As nurses, one of our best attributes is helping people learn; we love to teach people how to take better care of themselves. Hospital nurses spend hours providing discharge education; home health nurses thrive on sharing that one little secret tip that gives homebound patients a brighter day. Clinic nurses have reams and reams of printed materials they distribute and review with patients on a daily basis.
As nurse practitioners, Barbara and I want to give each of you the real, down-to-earth tidbits to get you started on the best and healthiest journey of your life!!
First, take stock of where you are in your health. What symptoms or illnesses or health conditions do you have? What would you MOST like to get rid of? It is important to start right where you are, or you really won’t know where you are heading. I always suggest a diary or journal for starters. A written record not only records where you are RIGHT NOW, but as time goes forth, it will be a boost to your ego and a record of just how far you’ve come. In your journal, include some of your disease markers: your blood pressure, your weight, your waist circumference, your thigh & upper arm circumferences, your hemoglobin A1c, your cholesterol and LDL/HDL numbers, and even your BUN/creatinine or your liver enzymes. It depends on your health care provider’s policies if they will provide you with an actual copy of your results; many clinics now offer online patient portal access. If you haven’t signed up previously, now might be a good time to do so. Record the names of any medications AND the doses you take. As your LCHF journey progresses, you will find that your health care provider will be reducing your doses AND medications. Write down how you feel about your conditions and medications; your feelings and thought processes are important. Take photos if possible and add them to your journal; even a selfie in the bathroom mirror will provide enough evidence once the inches fall away. Once you have your current health status recorded, you are truly READY to begin a whole new journey to improved health with FEWER risk factors than ever before thought possible.

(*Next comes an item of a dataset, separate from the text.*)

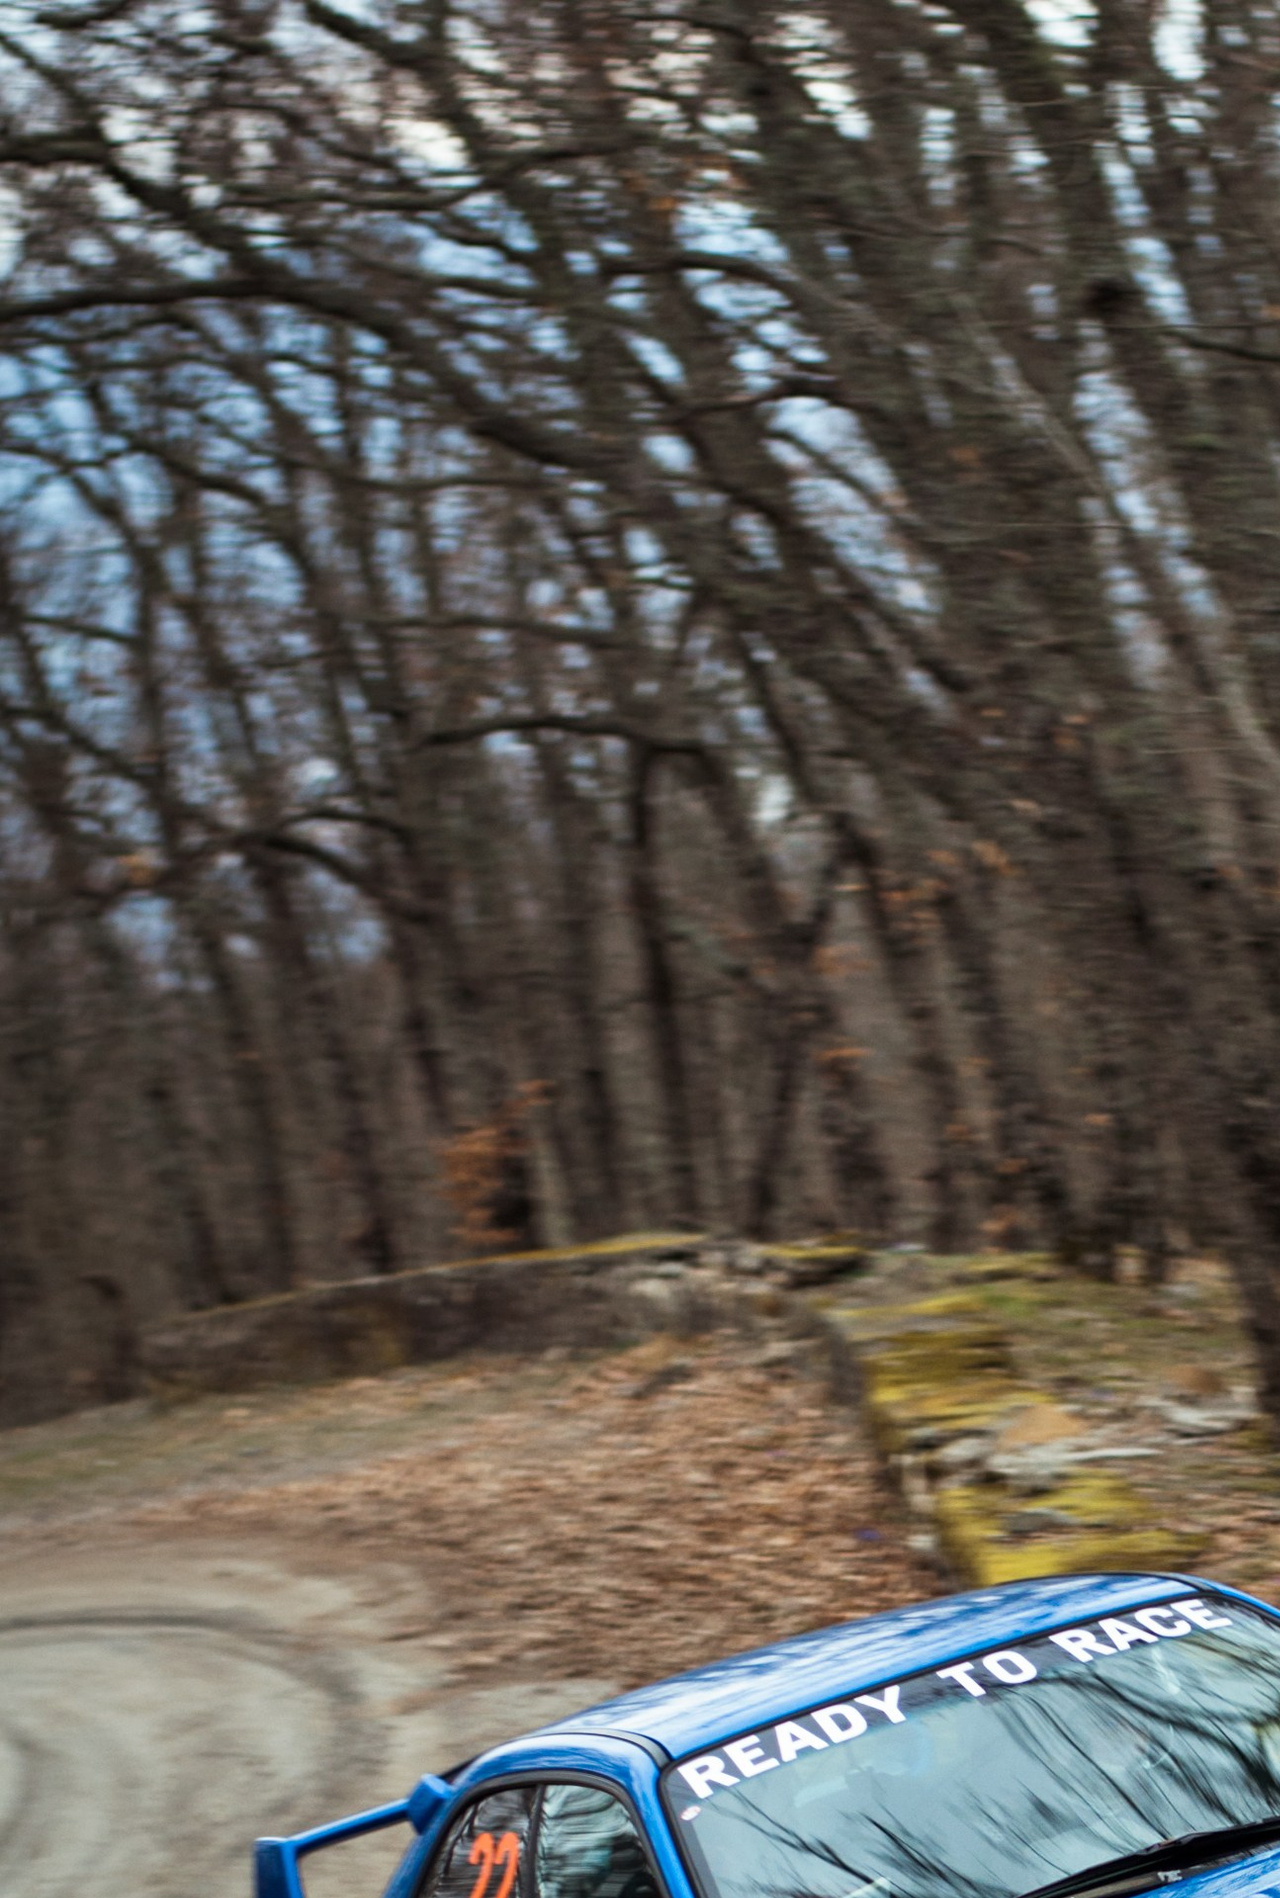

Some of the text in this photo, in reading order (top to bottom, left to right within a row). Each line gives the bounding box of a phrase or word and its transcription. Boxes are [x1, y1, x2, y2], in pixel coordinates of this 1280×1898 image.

[677, 1599, 1233, 1800] READY TO RACE
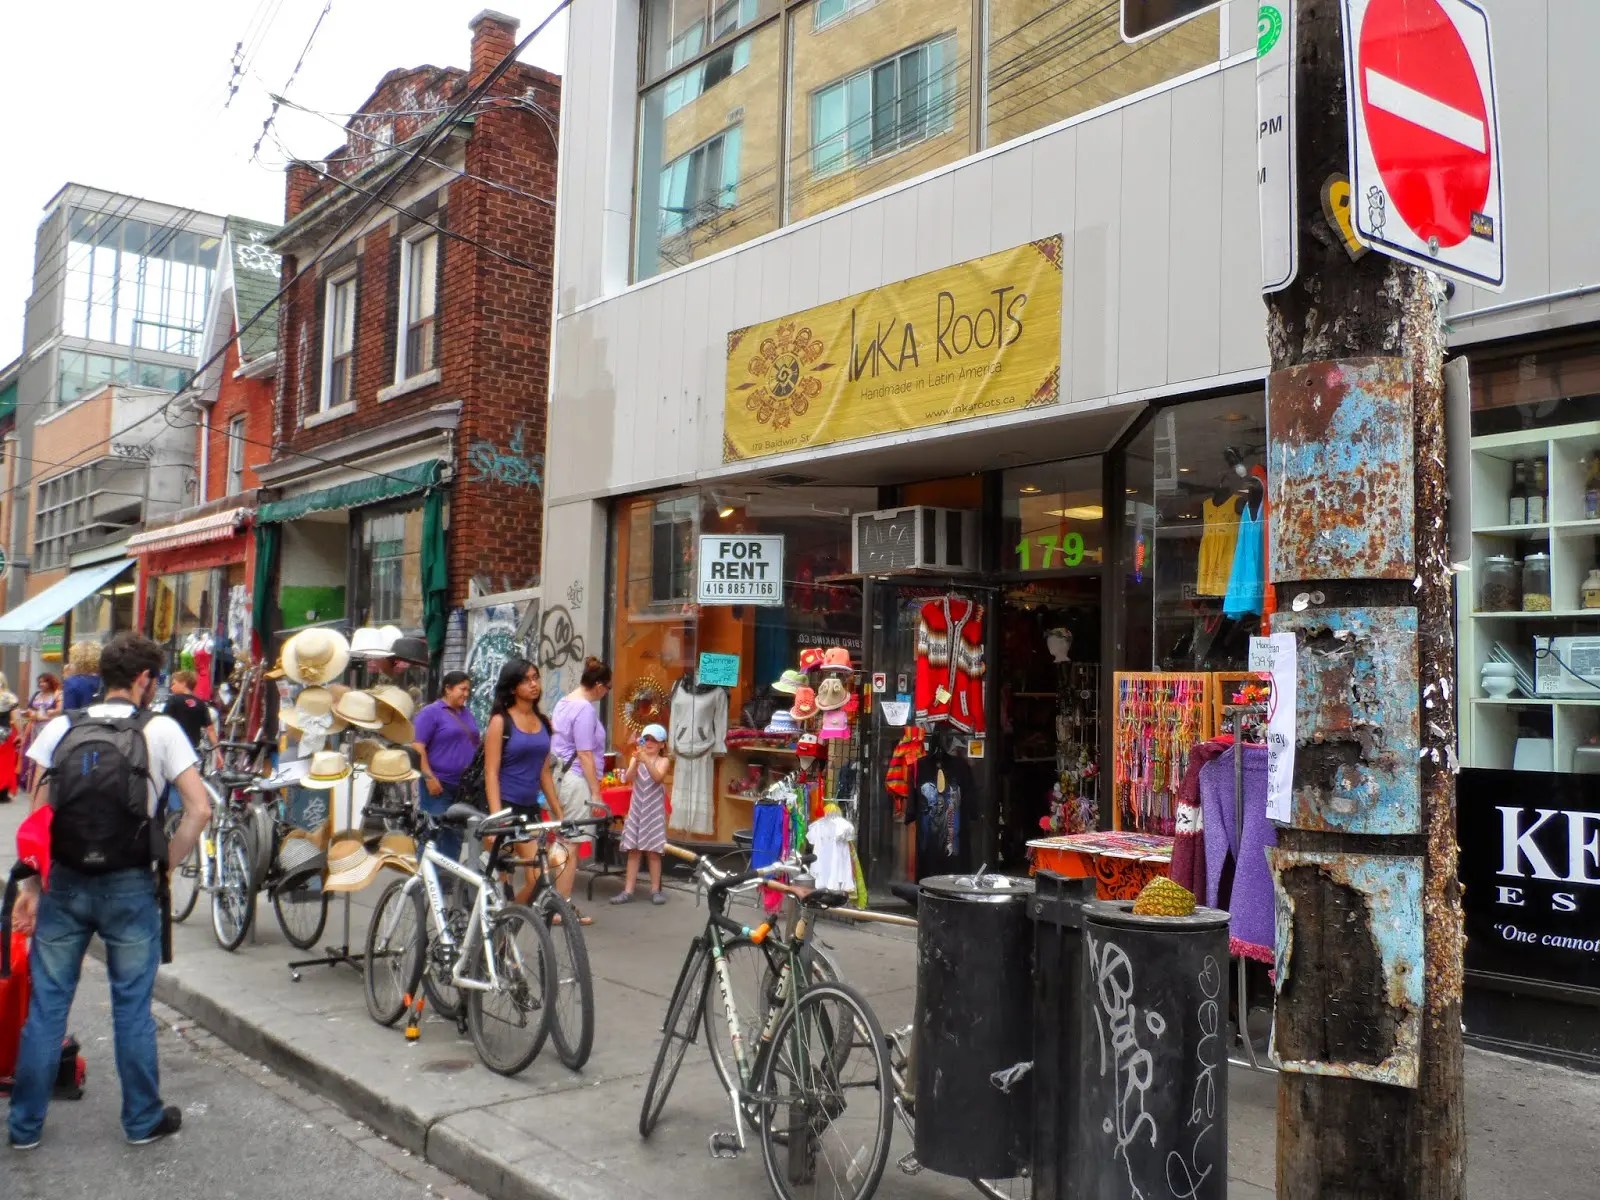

Now that you have prepared your history, it is time to plot your agenda. Rather than focus on the foods you can’t have, I propose that you start by ADDING fats to your current way of eating (WOE). Healthy fats include fats closest to natural states; bacon or side meat grease is a great seasoning that we all relinquished when the heart experts said it was so bad for us. But, guess what??! It’s not bad! Start saving your bacon grease and use it to season vegetables or add to hamburger meat dishes. We make a bacon-cheeseburger meatloaf sometimes, and we add bacon grease to increase the bacon flavor. Add good, healthy butter to veggies and meats. When you have that potato (for now – you can have it; we are just getting started, remember?), LOAD that puppy up with cheese, butter, FULL-FAT sour cream, and bacon chips… real chips… from bacon YOU actually cooked. Eat more avocadoes, guacamole, coconut oil, and olive oils. I use a LITE olive oil more often than the extra virgin olive oil (EVOO). Lite olive oil tastes less strong and less like olives. EVOO has a much stronger olive flavor than I like.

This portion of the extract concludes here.